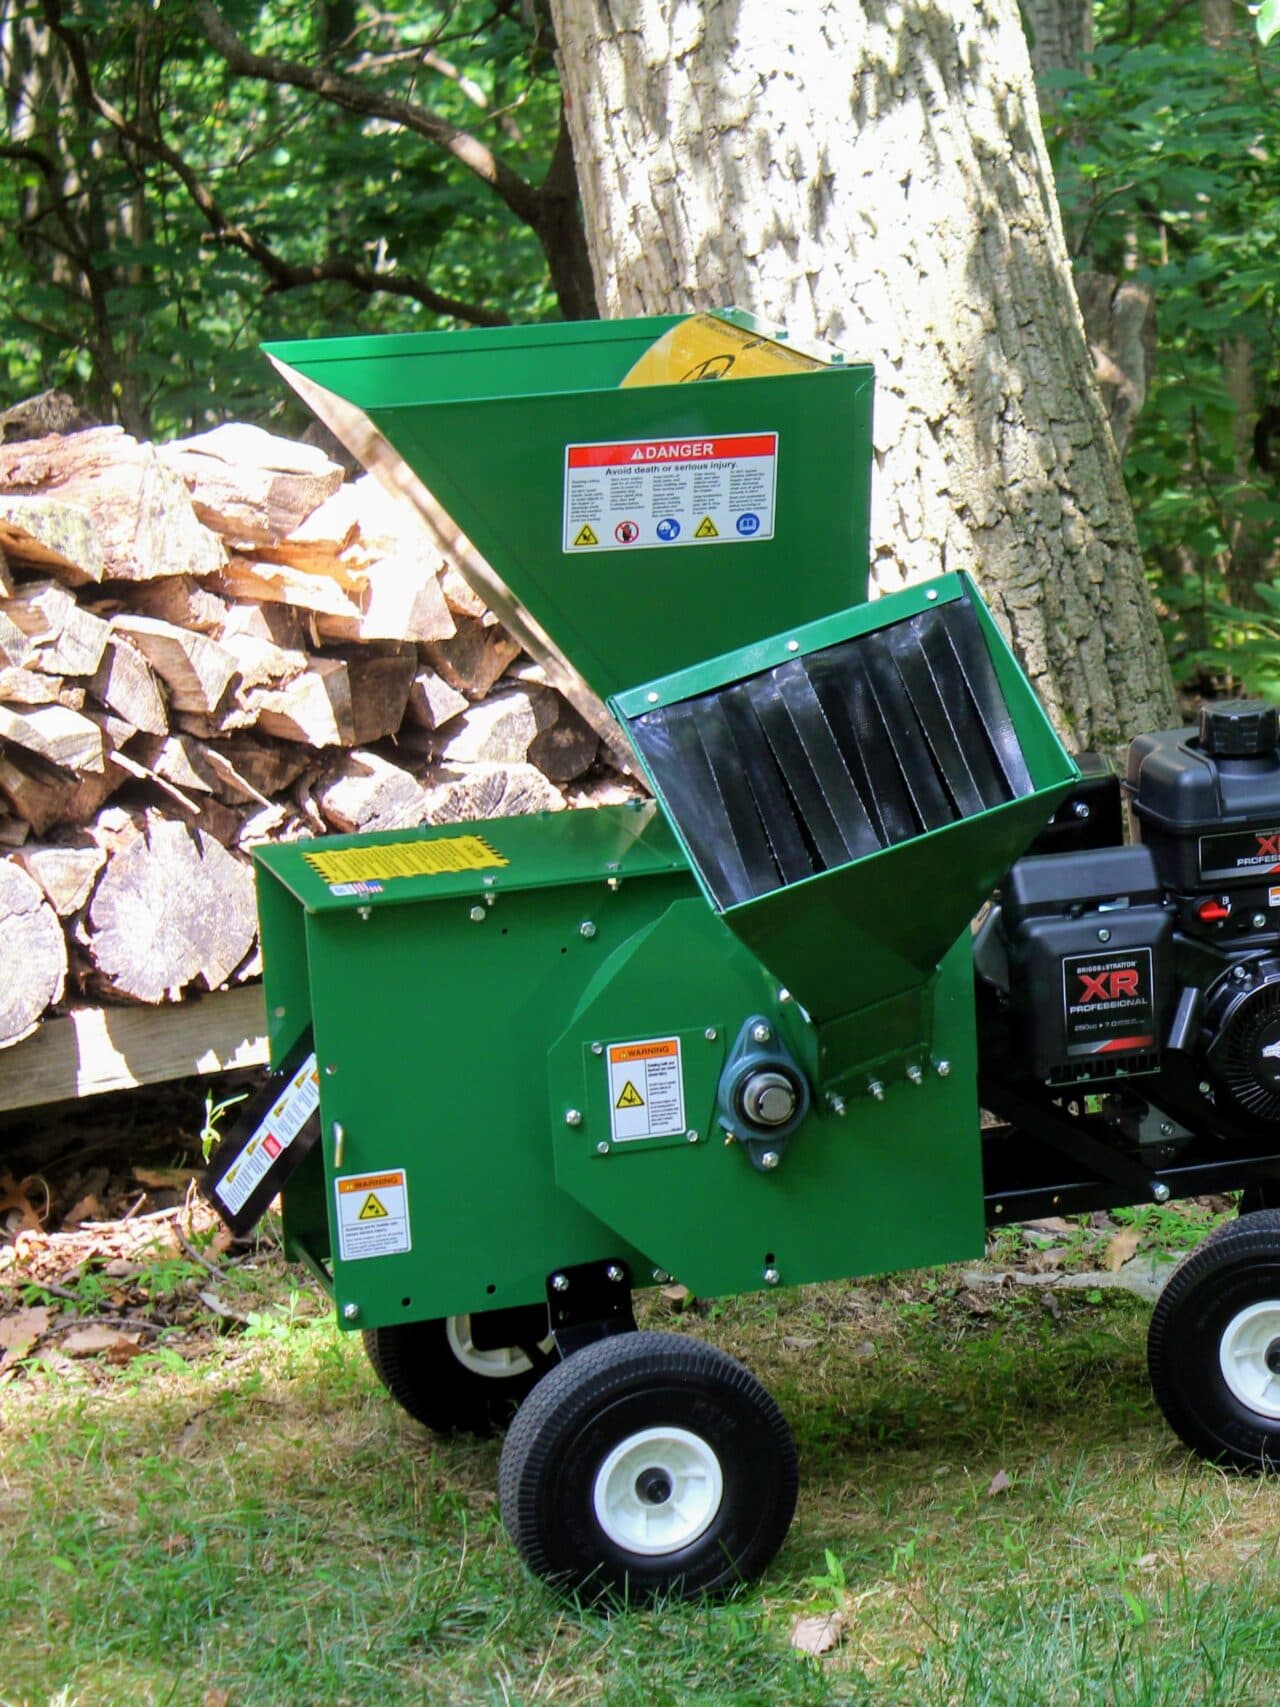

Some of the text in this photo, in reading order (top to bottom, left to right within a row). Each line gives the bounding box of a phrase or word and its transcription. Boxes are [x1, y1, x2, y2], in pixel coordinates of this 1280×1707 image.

[646, 443, 714, 459] DANGER
[605, 467, 632, 476] Avoid
[634, 465, 660, 475] death
[674, 462, 708, 472] serious
[1078, 969, 1139, 1003] XR
[1069, 997, 1148, 1014] PROFESSIONAL
[627, 1045, 670, 1057] WARNING
[355, 1176, 398, 1188] WARNING

________________

The job is to return the listing above exactly, minus its pictures.

▸ Problem solution
Some of the text in this photo, in reading order (top to bottom, left to right within a row). Each line gives the bounding box of a phrase or word and its transcription. Boxes are [x1, y1, x2, y2], in pixel coordinates of this 1280×1707 image.

[646, 443, 714, 459] DANGER
[605, 467, 632, 476] Avoid
[634, 465, 660, 475] death
[674, 462, 708, 472] serious
[1078, 969, 1139, 1003] XR
[1069, 997, 1148, 1014] PROFESSIONAL
[627, 1045, 670, 1057] WARNING
[355, 1176, 398, 1188] WARNING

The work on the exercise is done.